◆ WHAT YOU ARE ASKED TO DO:
Your copy must hold all of the data below, unchanged and without images.

(EXCERPTED RECORDS Opens)

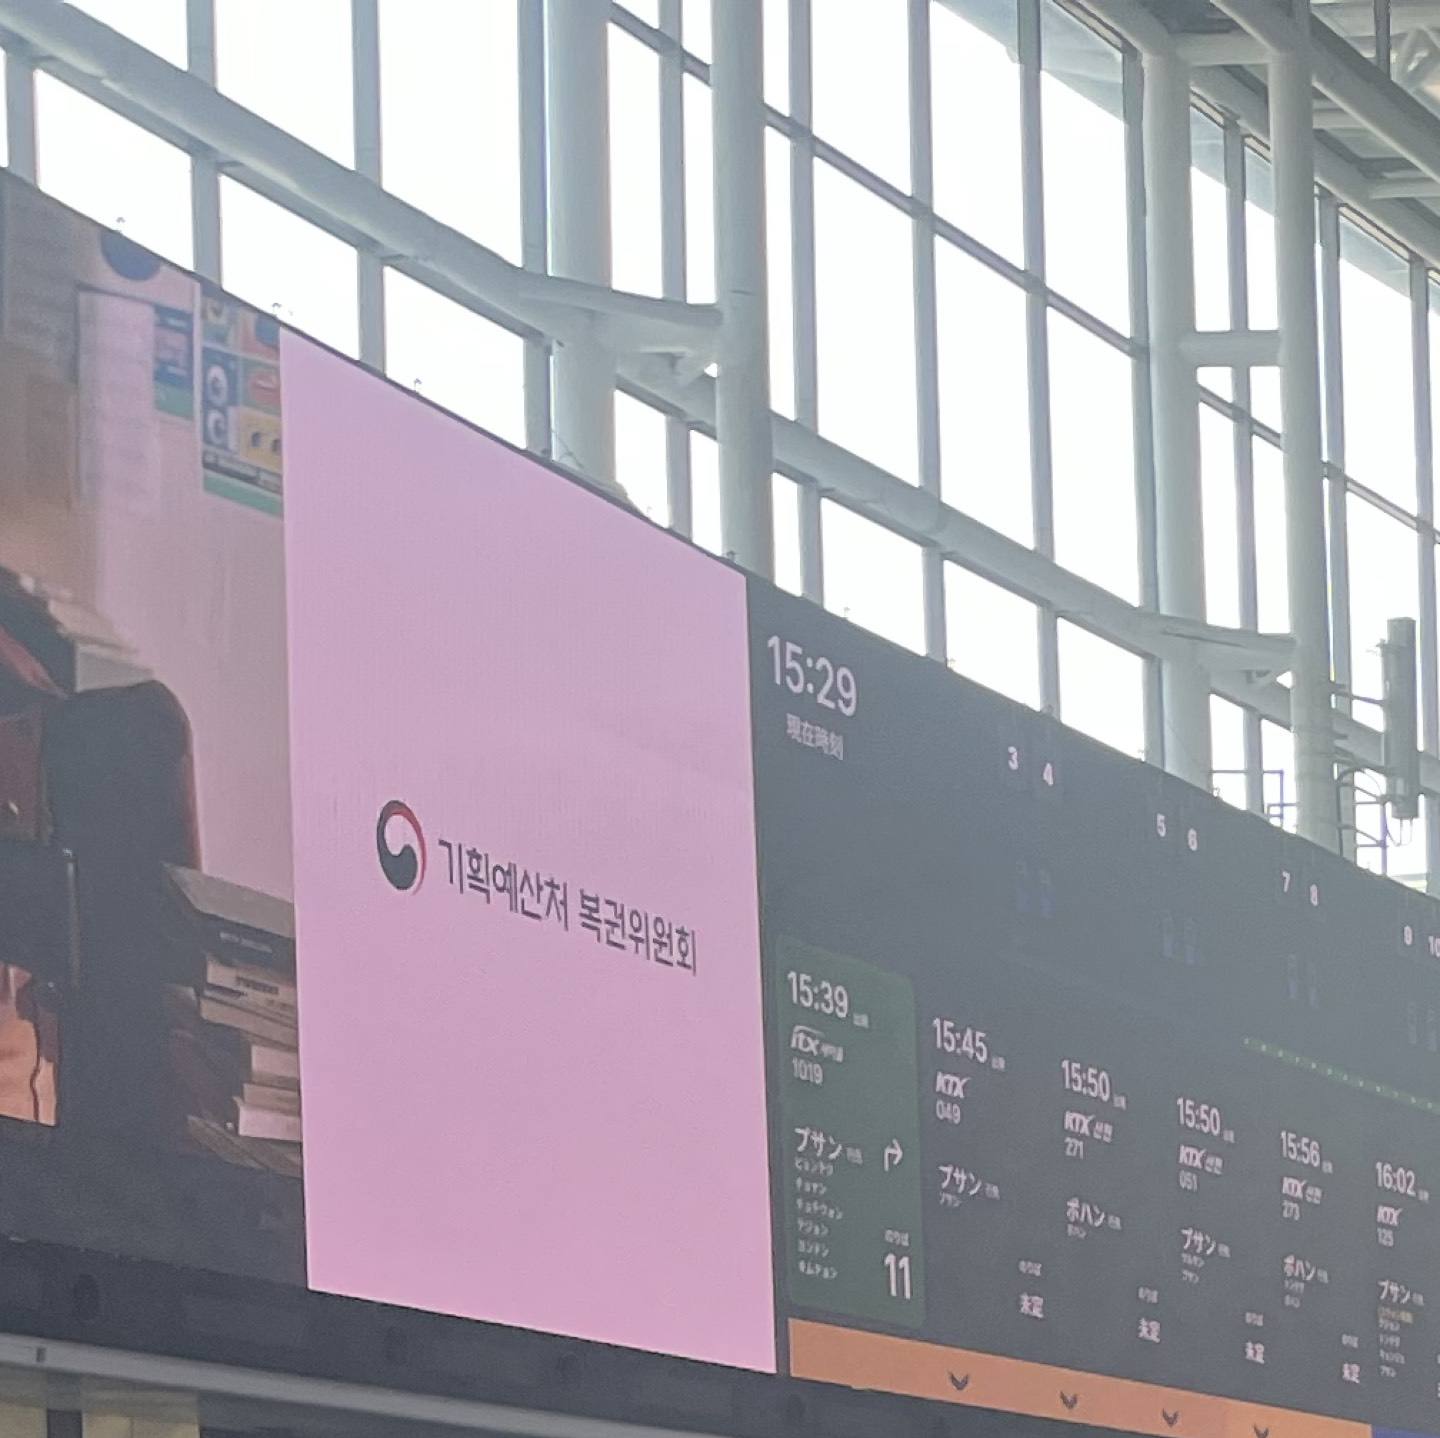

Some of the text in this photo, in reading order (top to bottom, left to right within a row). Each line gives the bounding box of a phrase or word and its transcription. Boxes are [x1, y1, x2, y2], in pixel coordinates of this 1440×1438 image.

[767, 635, 857, 717] 15:29
[1008, 746, 1019, 770] 3
[1042, 763, 1054, 786] 4
[1156, 813, 1167, 837] 5
[1282, 870, 1291, 893] 7
[437, 838, 697, 976] 기획예산처 복권위원회
[787, 970, 849, 1019] 15:39
[933, 1017, 988, 1063] 15:45
[792, 1057, 823, 1085] 1019
[935, 1071, 972, 1099] KTX
[1061, 1059, 1110, 1102] 15:50
[1064, 1110, 1094, 1137] KTX
[1177, 1096, 1221, 1137] 15:50
[1179, 1144, 1206, 1170] KTX
[1280, 1130, 1321, 1168] 15:56
[1376, 1161, 1417, 1197] 16:02
[884, 1254, 912, 1300] 11
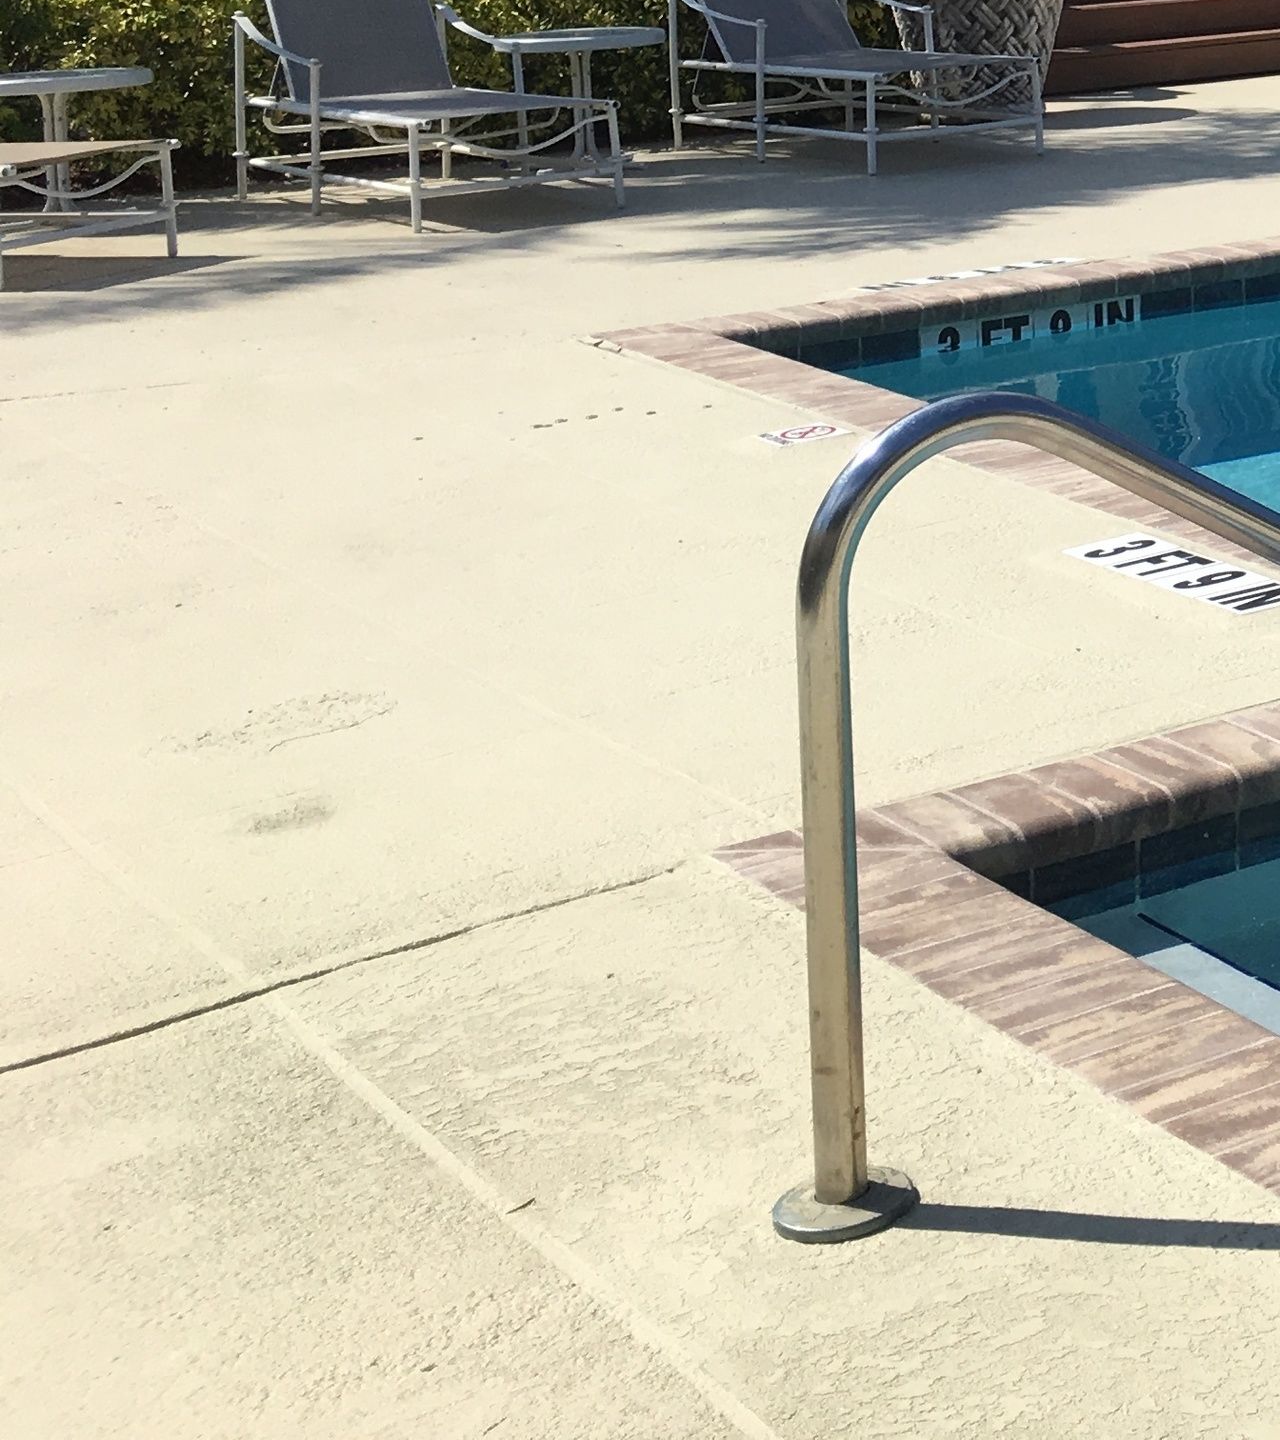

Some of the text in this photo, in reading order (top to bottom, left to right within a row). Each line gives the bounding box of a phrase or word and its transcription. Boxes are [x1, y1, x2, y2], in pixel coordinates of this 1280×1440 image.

[981, 314, 1030, 346] FT
[1093, 298, 1135, 328] IN
[1084, 539, 1156, 558] 3
[1113, 550, 1217, 577] FT
[1173, 570, 1247, 589] 9
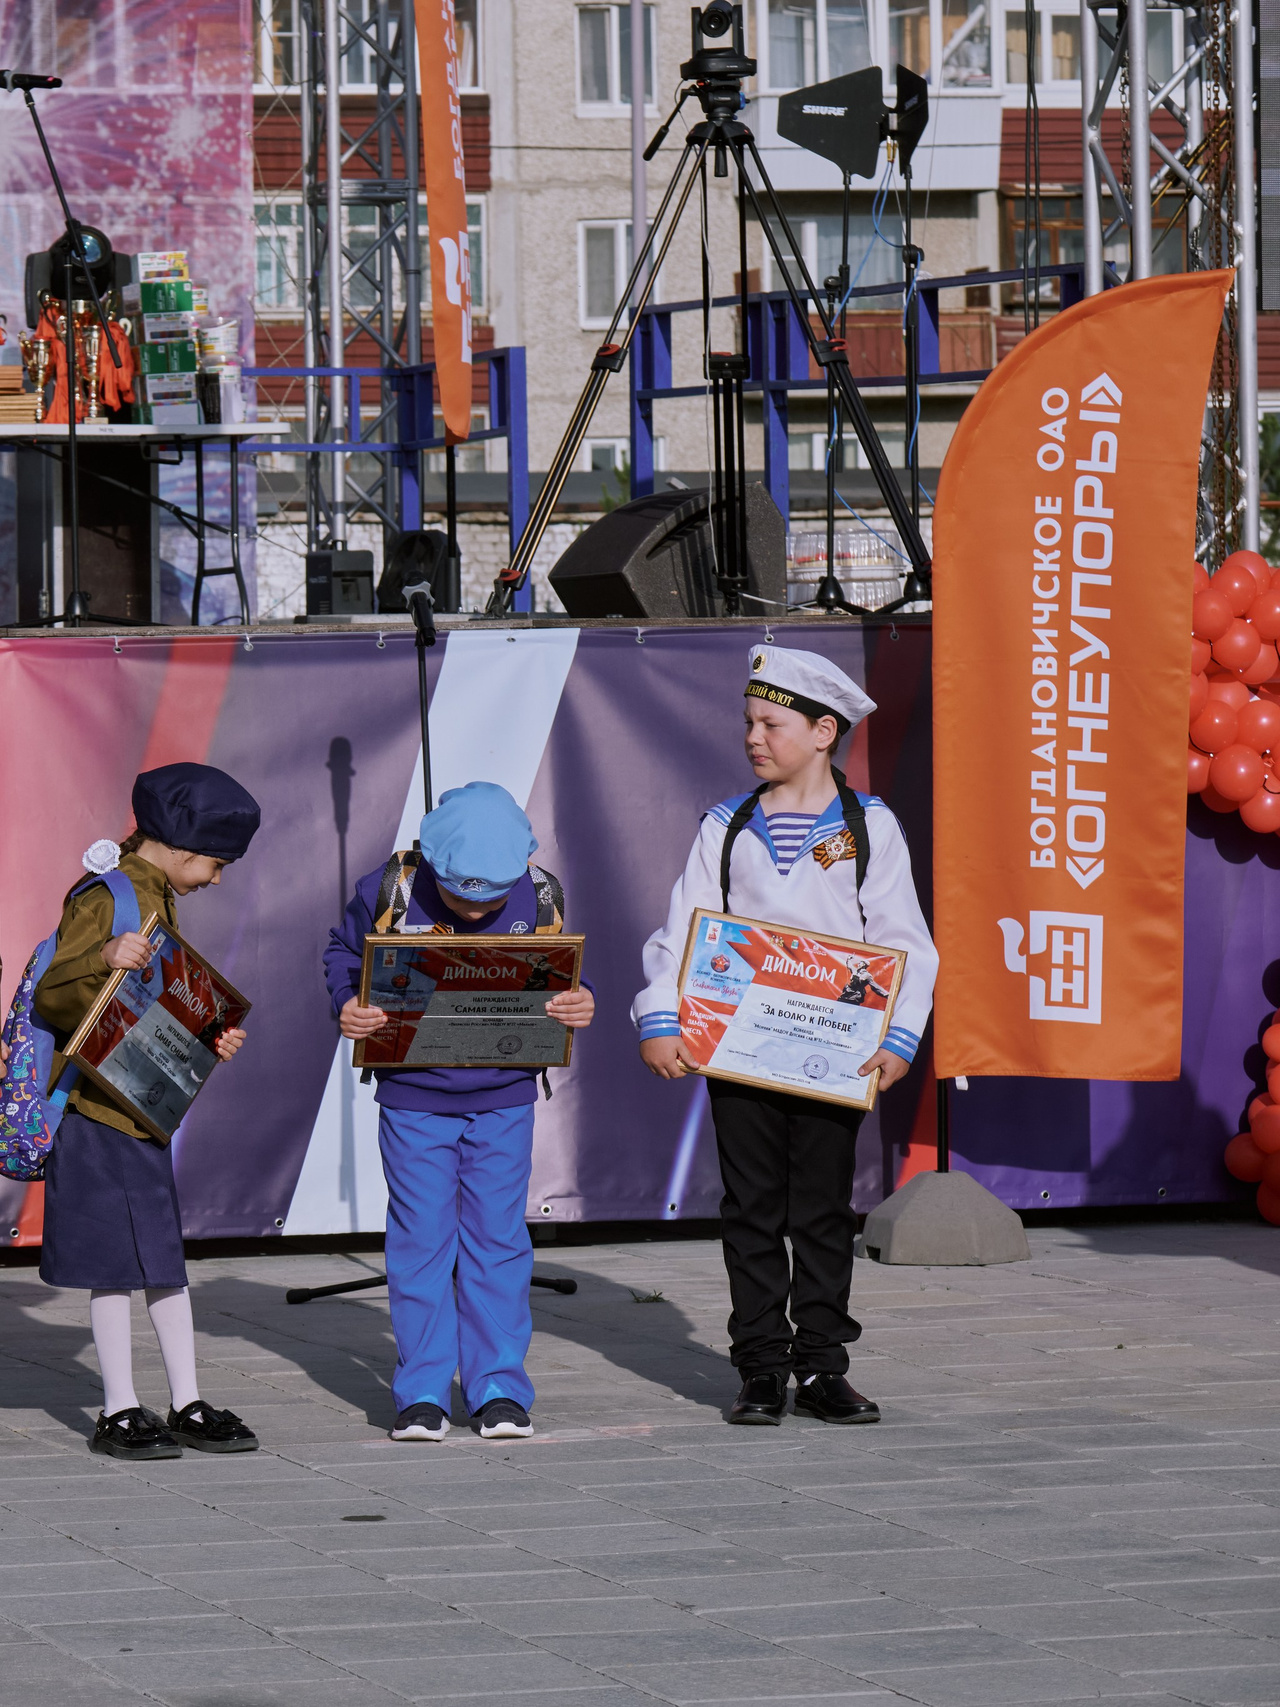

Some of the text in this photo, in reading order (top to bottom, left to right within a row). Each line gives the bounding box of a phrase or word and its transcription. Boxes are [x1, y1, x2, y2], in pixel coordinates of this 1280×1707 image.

(EXCERPTED RECORDS Closes)

◆ ANSWER BOX:
Some of the text in this photo, in reading order (top to bottom, left to right within a row). Each line gives the bounding box of a phrase or word and its transcription. Boxes are [x1, y1, x2, y2], in pixel coordinates of this 1440×1438 image.

[767, 635, 857, 717] 15:29
[1008, 746, 1019, 770] 3
[1042, 763, 1054, 786] 4
[1156, 813, 1167, 837] 5
[1282, 870, 1291, 893] 7
[437, 838, 697, 976] 기획예산처 복권위원회
[787, 970, 849, 1019] 15:39
[933, 1017, 988, 1063] 15:45
[792, 1057, 823, 1085] 1019
[935, 1071, 972, 1099] KTX
[1061, 1059, 1110, 1102] 15:50
[1064, 1110, 1094, 1137] KTX
[1177, 1096, 1221, 1137] 15:50
[1179, 1144, 1206, 1170] KTX
[1280, 1130, 1321, 1168] 15:56
[1376, 1161, 1417, 1197] 16:02
[884, 1254, 912, 1300] 11

Some of the text in this photo, in reading order (top to bottom, left to right within a row). Each line gives the bounding box of a phrase or word and its transcription. Boxes are [x1, y1, x2, y2], in pixel coordinates of this 1280×1440 image.

[981, 314, 1030, 346] FT
[1093, 298, 1135, 328] IN
[1084, 539, 1156, 558] 3
[1113, 550, 1217, 577] FT
[1173, 570, 1247, 589] 9

Some of the text in this photo, in reading order (top to bottom, left to right within a row). Each line gives the bounding box of a phrase or word and its transcription. Boxes are [x1, y1, x2, y2], in pixel coordinates of this 1280×1707 image.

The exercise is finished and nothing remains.